Agent Callbacks: Track agent lifecycle, execution, and LLM interactions
Classifier Callbacks: Monitor request classification and routing decisions
Tool Callbacks: Observe tool usage and execution

Agent Callbacks

Agent callbacks provide hooks into the agent execution lifecycle:

Python
TypeScript

from agent_squad.agents import AgentCallbacks
from typing import Optional, Any, UUID

class CustomAgentCallbacks(AgentCallbacks):

    async def on_agent_start(
        self,
        agent_name: str,
        input: Any,
        messages: list[Any],
        run_id: Optional[UUID] = None,
        tags: Optional[list[str]] = None,
        metadata: Optional[dict[str, Any]] = None,
        **kwargs: Any,
    ) -> dict:
        """Called when an agent starts processing"""
        print(f"Agent {agent_name} starting with input: {input}")
        return {"start_time": time.time()}

    async def on_agent_end(
        self,
        agent_name: str,
        response: Any,
        messages: list[Any],
        run_id: Optional[UUID] = None,
        tags: Optional[list[str]] = None,
        metadata: Optional[dict[str, Any]] = None,
        **kwargs: Any,
    ) -> Any:
        """Called when an agent completes processing"""
        print(f"Agent {agent_name} completed")

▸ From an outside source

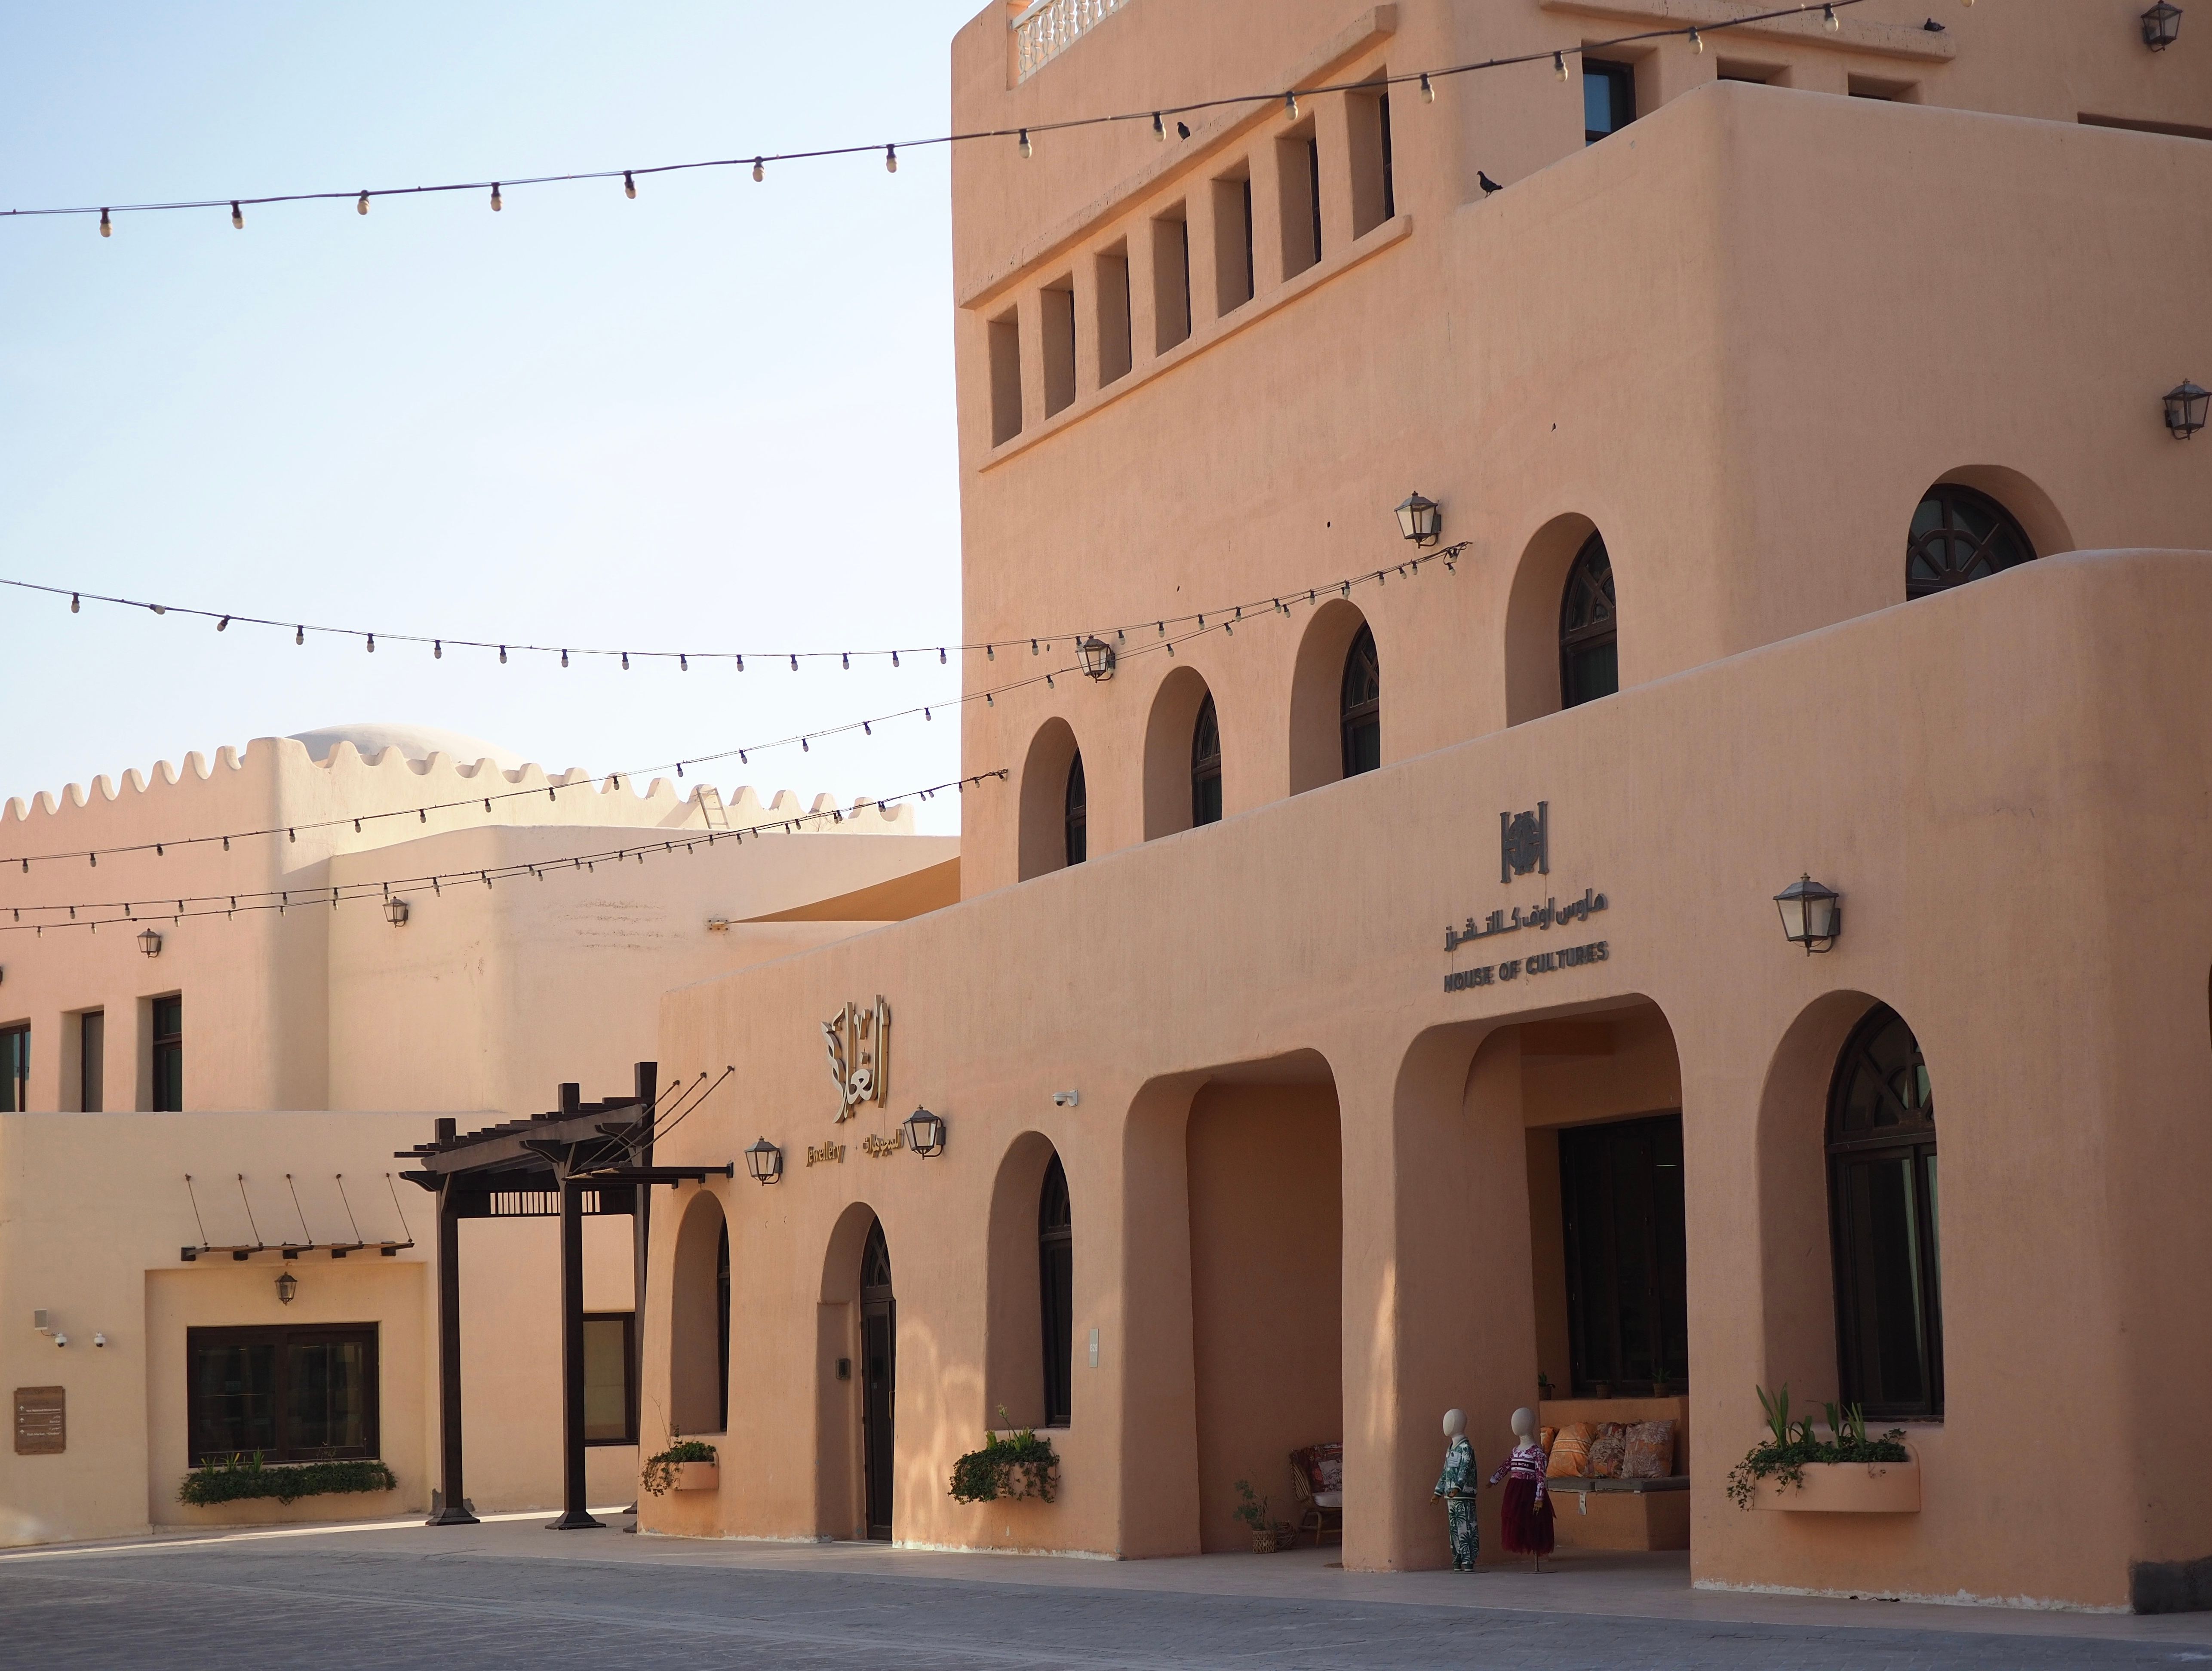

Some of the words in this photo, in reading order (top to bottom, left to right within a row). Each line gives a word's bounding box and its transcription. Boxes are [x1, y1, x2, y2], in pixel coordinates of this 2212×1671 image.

    async def on_llm_start(
        self,
        name: str,
        input: Any,
        run_id: Optional[UUID] = None,
        tags: Optional[list[str]] = None,
        metadata: Optional[dict[str, Any]] = None,
        **kwargs: Any,
    ) -> Any:
        """Called when LLM processing starts"""
        print(f"LLM {name} starting")

    async def on_llm_end(
        self,
        name: str,
        output: Any,
        run_id: Optional[UUID] = None,
        tags: Optional[list[str]] = None,
        metadata: Optional[dict[str, Any]] = None,
        **kwargs: Any,
    ) -> Any:
        """Called when LLM processing ends"""
        print(f"LLM {name} completed")

    async def on_llm_new_token(
        self,
        token: str,
        **kwargs: Any
    ) -> None:
        """Called for each new token in streaming responses"""
        print(f"New token: {token}")

// TypeScript callback implementation coming soon

Classifier Callbacks

Monitor request classification and routing decisions:

Python
TypeScript

from agent_squad.classifiers import ClassifierCallbacks, ClassifierResult
from typing import Optional, Any, UUID

class CustomClassifierCallbacks(ClassifierCallbacks):

    async def on_classifier_start(
        self,
        name: str,
        input: Any,
        run_id: Optional[UUID] = None,
        tags: Optional[list[str]] = None,
        metadata: Optional[dict[str, Any]] = None,
        **kwargs: Any,
    ) -> Any:
        """Called when classification starts"""
        print(f"Classifier {name} analyzing: {input}")

    async def on_classifier_stop(
        self,
        name: str,
        output: ClassifierResult,
        run_id: Optional[UUID] = None,
        tags: Optional[list[str]] = None,
        metadata: Optional[dict[str, Any]] = None,
        **kwargs: Any,
    ) -> Any:
        """Called when classification completes"""
        selected_agent = output.selected_agent.name if output.selected_agent else "None"
        print(f"Classifier selected: {selected_agent} with confidence: {output.confidence}")

// TypeScript callback implementation coming soon

Tool Callbacks

Track tool execution and performance:

Python
TypeScript

from agent_squad.utils import AgentToolCallbacks
from typing import Optional, Any, UUID

class CustomToolCallbacks(AgentToolCallbacks):

    async def on_tool_start(
        self,
        tool_name: str,
        input: Any,
        run_id: Optional[UUID] = None,
        tags: Optional[list[str]] = None,
        metadata: Optional[dict[str, Any]] = None,
        **kwargs: Any,
    ) -> Any:
        """Called when tool execution starts"""
        print(f"Tool {tool_name} executing with input: {input}")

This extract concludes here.